Phrase grounding data
────────────────
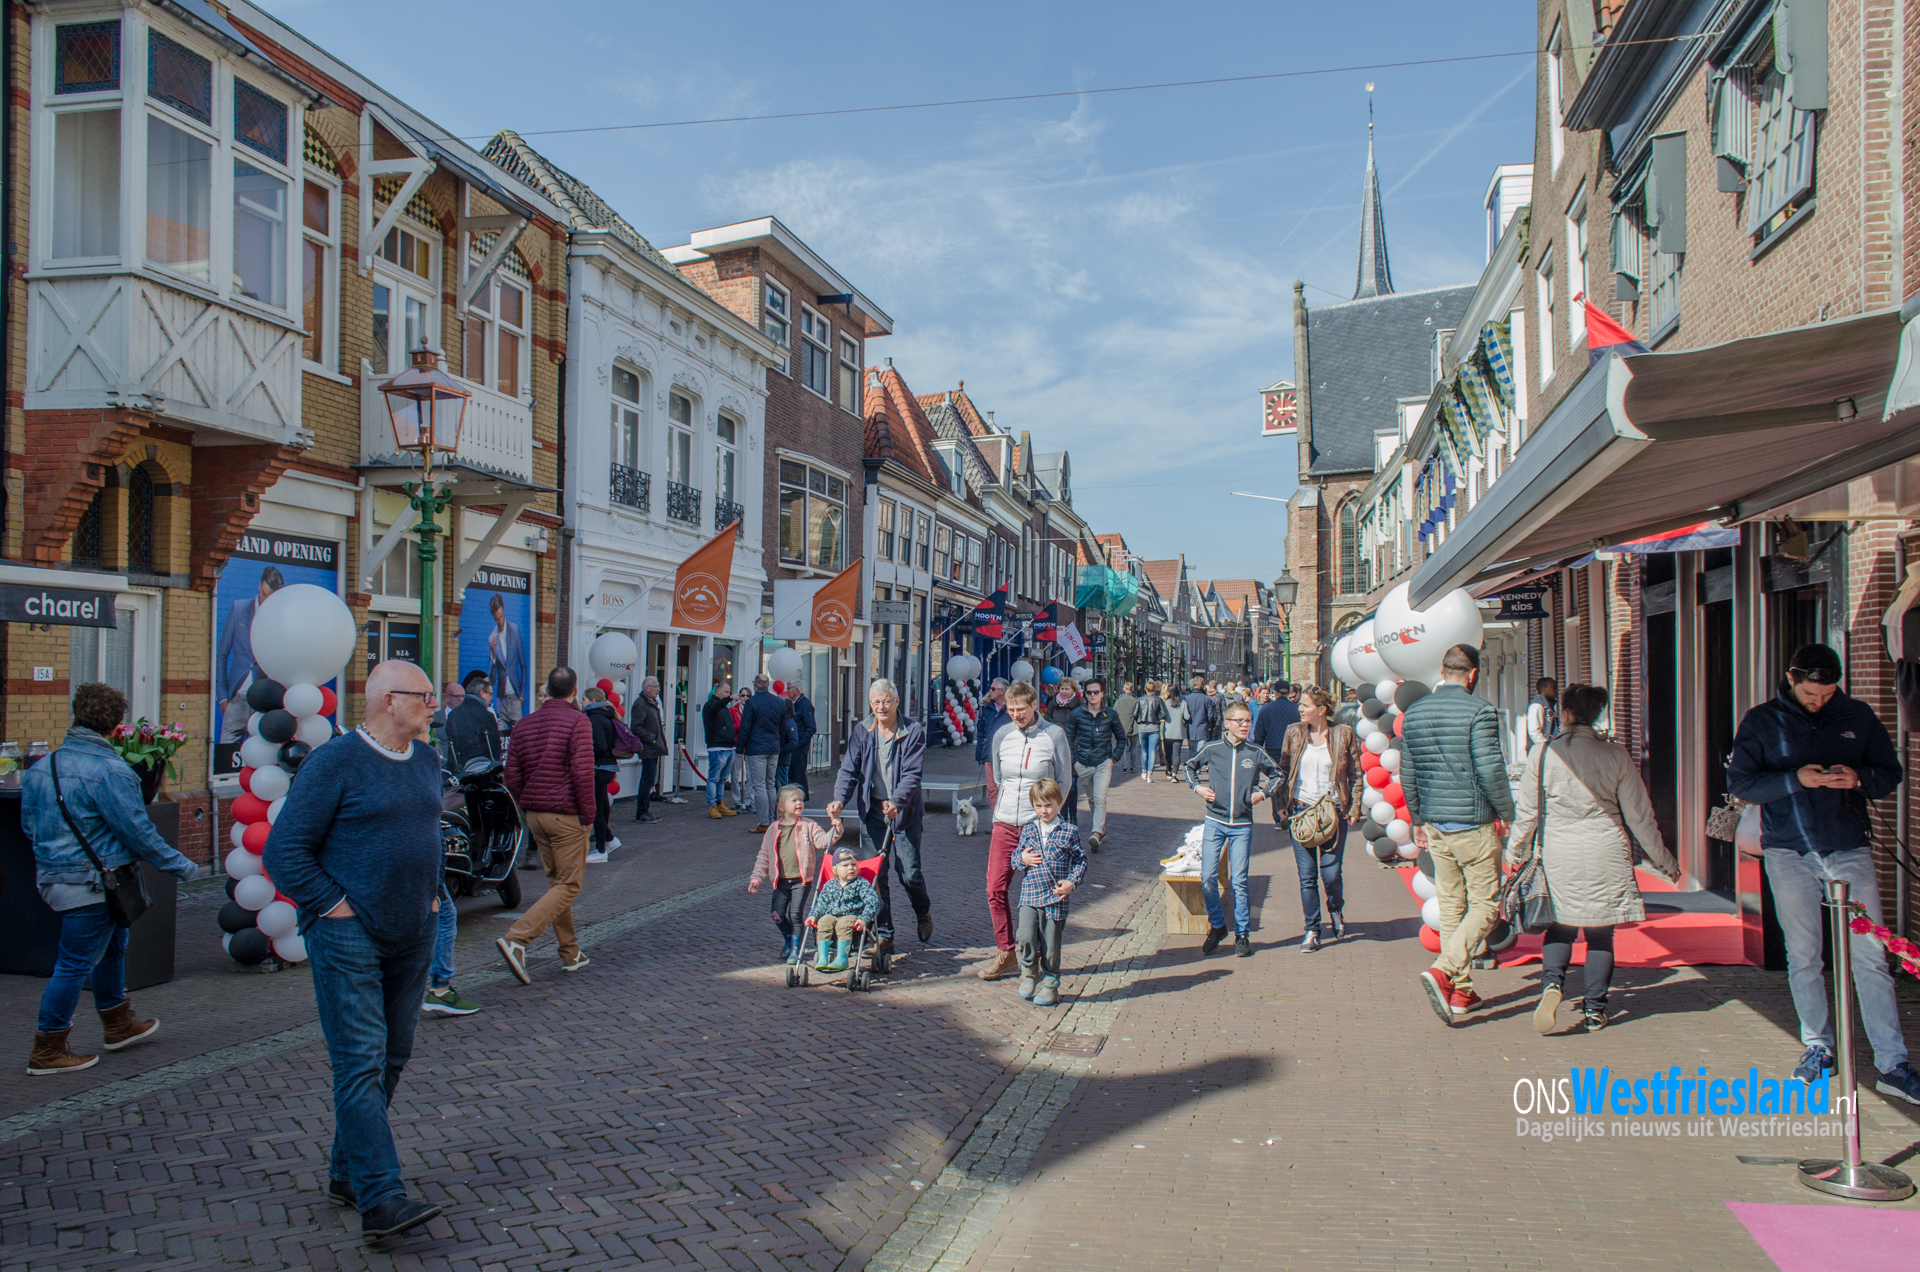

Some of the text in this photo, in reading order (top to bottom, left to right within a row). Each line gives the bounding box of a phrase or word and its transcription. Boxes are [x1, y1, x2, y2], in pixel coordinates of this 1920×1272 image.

[273, 540, 332, 563] OPENING
[490, 572, 527, 590] OPENING
[24, 592, 100, 619] charel
[602, 593, 625, 608] BOSS
[1500, 592, 1543, 601] KENNEDY
[1063, 631, 1083, 656] SINGER
[37, 668, 50, 680] 15A
────────────────
### Work instructions
Repeat the records exactly, without the pictures.

### Exercise response
Some of the text in this photo, in reading order (top to bottom, left to right within a row). Each line gives the bounding box of a phrase or word and its transcription. Boxes are [x1, y1, x2, y2], in pixel coordinates of this 1920×1272 image.

[273, 540, 332, 563] OPENING
[490, 572, 527, 590] OPENING
[24, 592, 100, 619] charel
[602, 593, 625, 608] BOSS
[1500, 592, 1543, 601] KENNEDY
[1063, 631, 1083, 656] SINGER
[37, 668, 50, 680] 15A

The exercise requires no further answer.